Durham University Library Cosin MS V.iv.3Sunday sermons: Advent, Lent, Easter
Held by: Durham University Library: Cosin Manuscripts

Manuscript codex containing part of a cycle of Sunday sermons, in English, found in this and 3 other manuscripts (Gloucester Cathedral MS 22, Lincoln Cathedral MSS 50-51, and Oxford, Bodleian Library MS e Musaeo 180) copied by the same scribe. The manuscript was owned by George Davenport and given by him to Bishop Cosin's Library around 1670.


Physical description of manuscript
Support

Paper, quarto (watermark of hand and cuff with cinquefoil, not close to Heawood, no. 48, nor Briquet, no. 11154 etc., nor Piccard, all late 15th century), some outer edges deckle.

Extent: iii+72+iv f
Size: 203 mm x 150 mm

Foliation

foliated i-iii, 1-75


Secundo folio: man And
Collation

1-28, 38 wants 6 after f.21; 4-58, 68 + 1 leaf (f.48 (after 8), 7-98

Catchwords: Catchwords on quires 1-2 and 4-8, enclosed in banderoles of oxidised red

Condition of manuscriptFirst and last pages soiled. Top outer corner of f.1 and outer lower corners of f.68-72 lost. Repairer's note of 1977 tipped to back pastedown.
Layout

No evidence of pricking or line ruling. Written space 140 x 83 mm; framed in softish brown (ink?), 140 x 83 mm. 26-28 lines, the first on top frame-line.

Script

Written in a distinctive squat anglicana formata, with unlooped d, or, for the first lines of each sermon, bastard textura, or, for the heading of each sermon, textura, proficiently, by the same hand as Gloucester Cathedral MS 22, Lincoln Cathedral MSS 50-51, and Oxford, Bodleian Library MS e Musaeo 180. The editor's analysis of the dialect of these manuscripts places the scribe around the Leicestershire - Staffordshire border, with indicators that the text had originated in East Anglia.

Decoration

Text-capitals, especially exaggerated S, filled with orange, also used on heading to each sermon, virgules, and underlining.
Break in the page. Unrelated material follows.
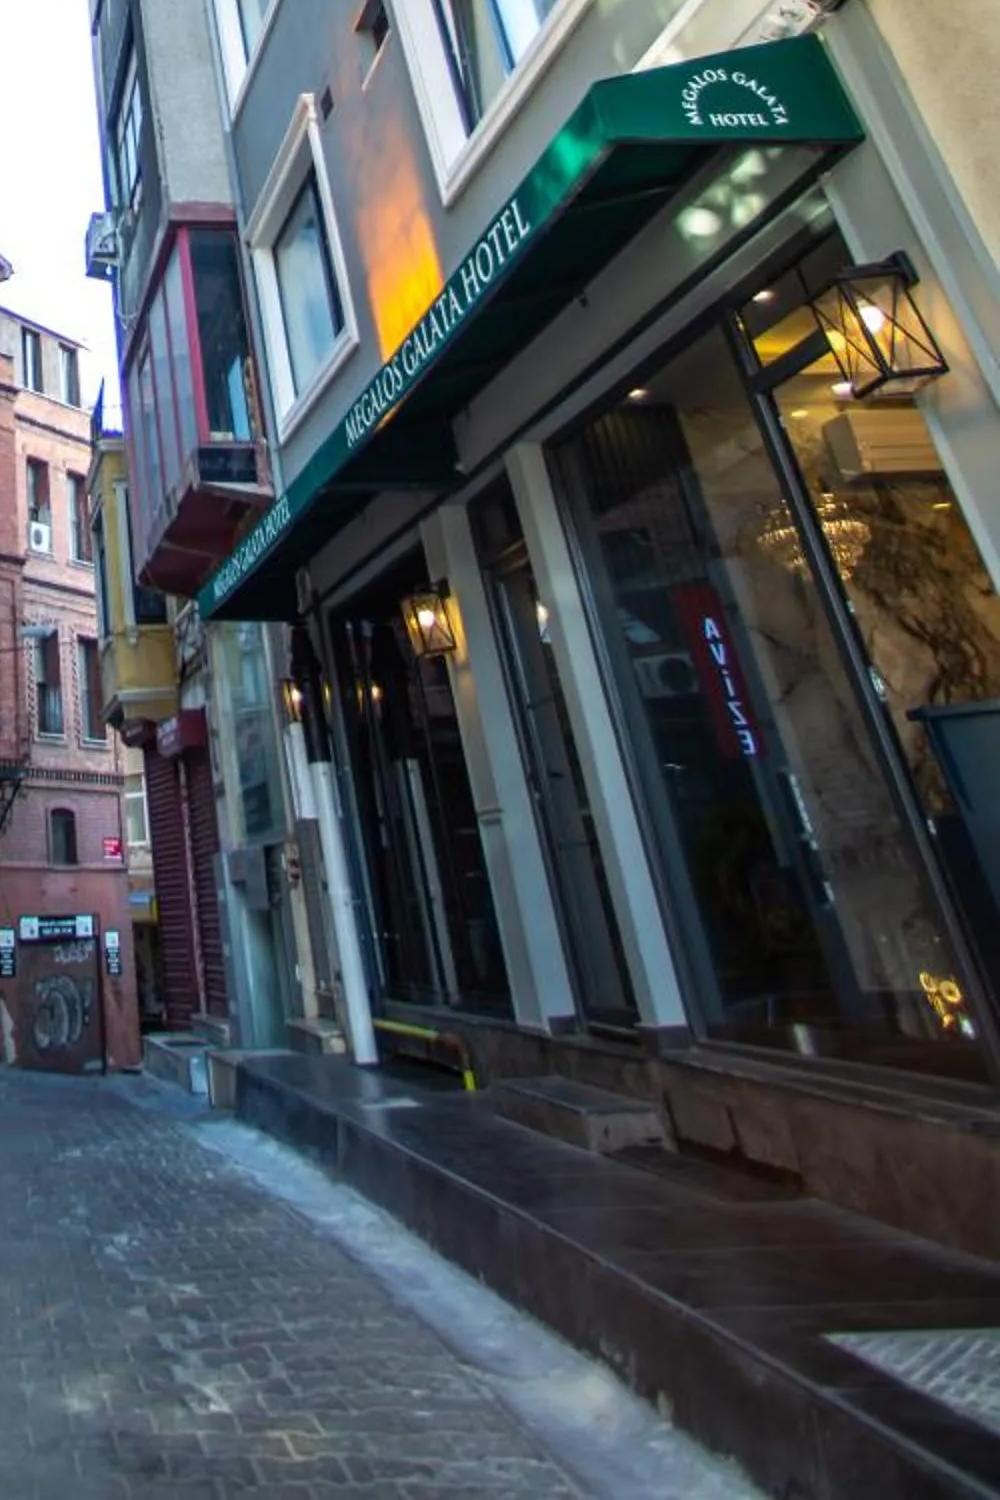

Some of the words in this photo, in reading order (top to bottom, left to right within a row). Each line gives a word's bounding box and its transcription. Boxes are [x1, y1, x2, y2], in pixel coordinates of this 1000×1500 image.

Initials, to each sermon, 2-line, orange.

Binding

Left unbound at some stage, to judge by soiling of f.1r and 72v. Bound in Durham by Hutchinson, sprinkled brown calf, with a double fillet along three sides and vertically 25 mm in from spine, roll G along hinges, and Hutchinson's roll B along board edges in gold. Rebacked 1977, replacing previous mid 19th century rebacking.


Manuscript history
Creation

Written in England, mid 15th century.

Provenance

Inscription: “Iste liber pertinet ad me Valintinum Guerad stefatibus (?) georgius suttun (?) et macuton stestin (?) In ludo literario cum magistro tynoe (?)”, 16th century, f.13r, upside-down. “John Simson”, 17th century, f.72v. Pen sketches of siren or mermaid, 16th/17th century, f.11r, and human head, f.27v. Some 15th or 16th century marginalia. Contents-list, in hand of George Davenport, f.iiiv. Ex-libris and shelfmark by Thomas Rud f.1r.


Manuscript contents
(1)     f.1r-21v
Modern title: Sermons for Advent Sundays
Incipit: Frendys ʒe schal vnderstonde that the gospell of this day makethe mencion of the tyme þat owre sovereyn savyowre criste iesu went withe hys disciplis here
Explicit: myddyll but in the myddil ...
Rubric: Dominica. Prima. Aduentus domini
Language: English, Middle (1100-1500)

4 sermons. One leaf missing after f.21 presumably contained the continuation of the fourth sermon, and part at least of item (2).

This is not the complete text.